Okay, we've answered quite a bit, and I think we've answered like many indirectly, too.
Okay.
Okay.
Here's one.
There seems to be two schools of thought on the state of the economy.
One, inflation is on our doorstep, or it's already advancing too much, or two, the economy.
super cut rates. Pieces of both seem to be evident. Can you reconcile this and share what would
be a rational approach by the Fed in terms of next steps and possible consequences?
Chris, you want to go first? I mean, I can take it. Go ahead. Go ahead. You go first.

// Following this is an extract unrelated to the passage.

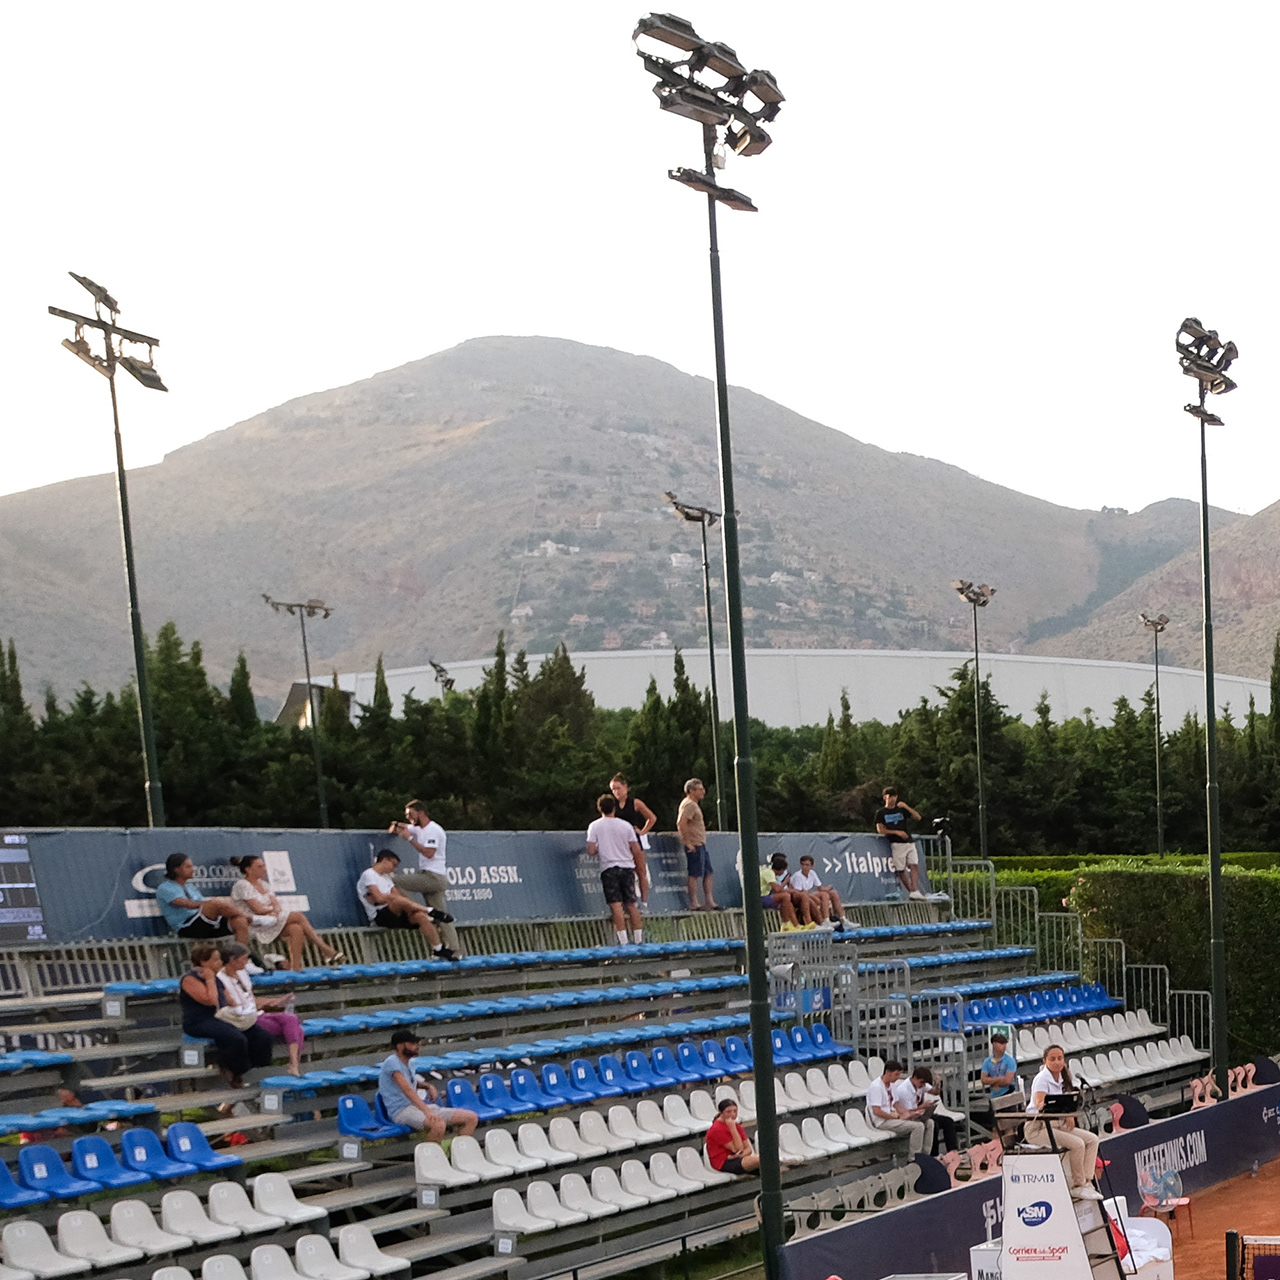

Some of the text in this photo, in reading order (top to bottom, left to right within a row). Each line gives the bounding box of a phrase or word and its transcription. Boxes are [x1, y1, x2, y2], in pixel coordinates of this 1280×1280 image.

[480, 866, 523, 884] ASSN.
[845, 852, 911, 878] Italpre
[1134, 1129, 1208, 1180] WTATENNIS.COM
[1008, 1246, 1038, 1255] Corriere

Yeah, I guess as we've been saying throughout the podcast, there are kind of different lenses that
people look at when they look at the economy and different sources of news can translate the same
data point in a very positive or negative way. So I think that can explain some of the differing
views here. Also depends if you're looking backward or you're looking forward. A lot of the data
that we collect, of course, is more backward looking, where we get a job market report that's
telling us about last month or, you know, we learn about GDP a quarter ago. So yeah, maybe we get
some updated information about where we've been, but that doesn't really tell us where we're
headed. I think when we talk about tariffs, at least the argument we've been making is that,
you know, there are lags in this process. There's a lot of uncertainty that's been going on when it
comes to policy. And therefore, we're seeing, we believe more of the tariff effects are still
ahead of us than behind us, right, in terms of the actual impact on prices. So that's how I square
that circle in terms of the differing views. If you don't account for the lags, if you're
just looking at the data as it comes out today, then you may not get the full picture or you may
get a different picture relative to where the economy actually be heading in the future. And I think
that's what we actually really do care about. Is the forecast, the outlook. Is the forecast, right?

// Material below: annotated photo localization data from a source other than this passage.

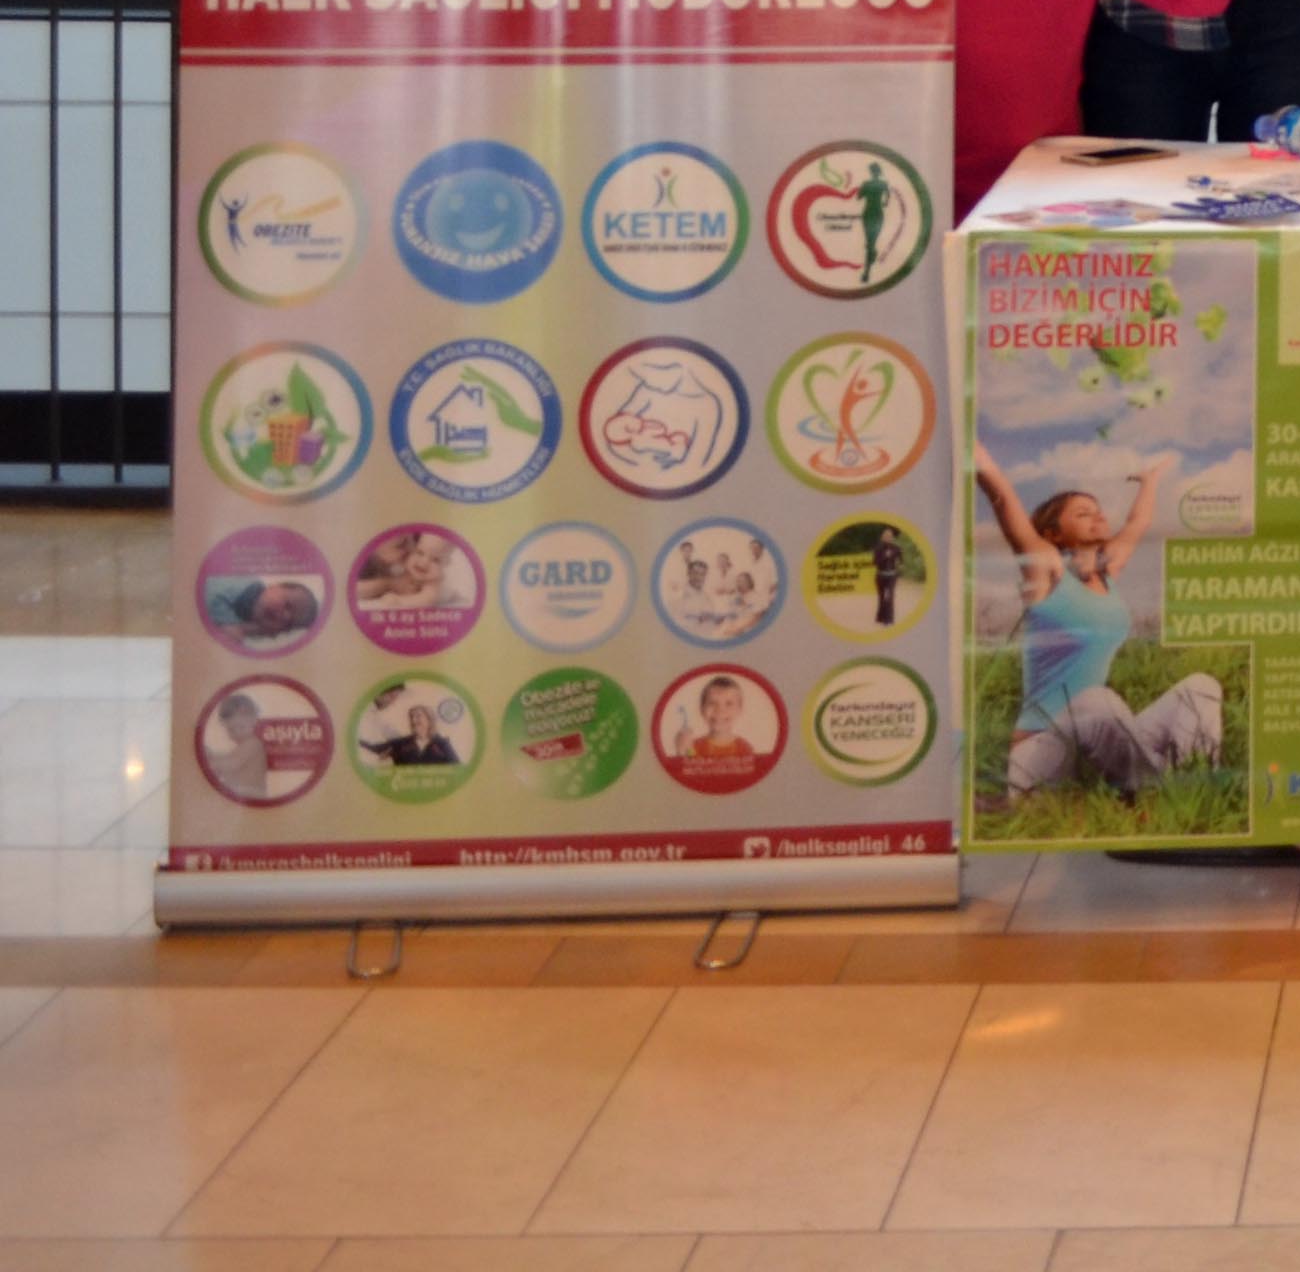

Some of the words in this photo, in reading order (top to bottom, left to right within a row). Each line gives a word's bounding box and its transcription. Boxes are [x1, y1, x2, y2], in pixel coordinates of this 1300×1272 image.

[603, 211, 727, 239] KETEM
[988, 253, 1154, 279] HAYATINIZ
[988, 284, 1078, 314] BİZİM
[1089, 283, 1152, 320] İÇİN
[987, 319, 1179, 349] DEĞERLİDİR
[519, 560, 612, 586] GARD

The past is important just to the extent that it can help us predict the future. Yeah, good. Okay.
Well, I'm not going to weigh in there. I think you covered it. Anything else because we're now
really amazingly long in the tooth in terms of this podcast.
I don't know how that happened.
I just looked at the clock.
I kind of missed that.
But we should call this a podcast unless anyone has anything else they'd like to say.
No?
No.
Happy birthday, Matt.
Happy birthday, Matt.
Yeah.
Can we sing to him?
I appreciate it.
We'll do it at dinner.
We can do it at dinner tonight.
We'll do it then.
We're not having dinner.
Again, that's a joke.
You guys are making me feel.
We weren't invited.
Right.
I think you guys would have laughed quickly.
Never mind.
All right.
Do you get like chocolate cake?
What do you get for your birthday?
We're going to Rhode Island.
We got to knock off states that I've never been to.
My wife knows that.
So we got a trip to Rhode Island.
We'll have a lobster roll.
Yeah, that'll be good.
They're tasty.
Okay.
Well, with that, dear listener, we're going to call this a podcast.